▸ **Phrase grounding data**:
# # # # #
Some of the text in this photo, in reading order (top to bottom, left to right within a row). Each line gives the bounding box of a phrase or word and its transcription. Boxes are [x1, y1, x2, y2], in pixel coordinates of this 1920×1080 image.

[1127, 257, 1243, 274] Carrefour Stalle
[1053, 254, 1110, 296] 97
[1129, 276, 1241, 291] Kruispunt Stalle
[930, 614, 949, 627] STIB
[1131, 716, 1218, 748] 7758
# # # # #
▸ **Directions for this task**:
Return each line of the data exactly as written above.

▸ **Your solution**:
Some of the text in this photo, in reading order (top to bottom, left to right within a row). Each line gives the bounding box of a phrase or word and its transcription. Boxes are [x1, y1, x2, y2], in pixel coordinates of this 1920×1080 image.

[1127, 257, 1243, 274] Carrefour Stalle
[1053, 254, 1110, 296] 97
[1129, 276, 1241, 291] Kruispunt Stalle
[930, 614, 949, 627] STIB
[1131, 716, 1218, 748] 7758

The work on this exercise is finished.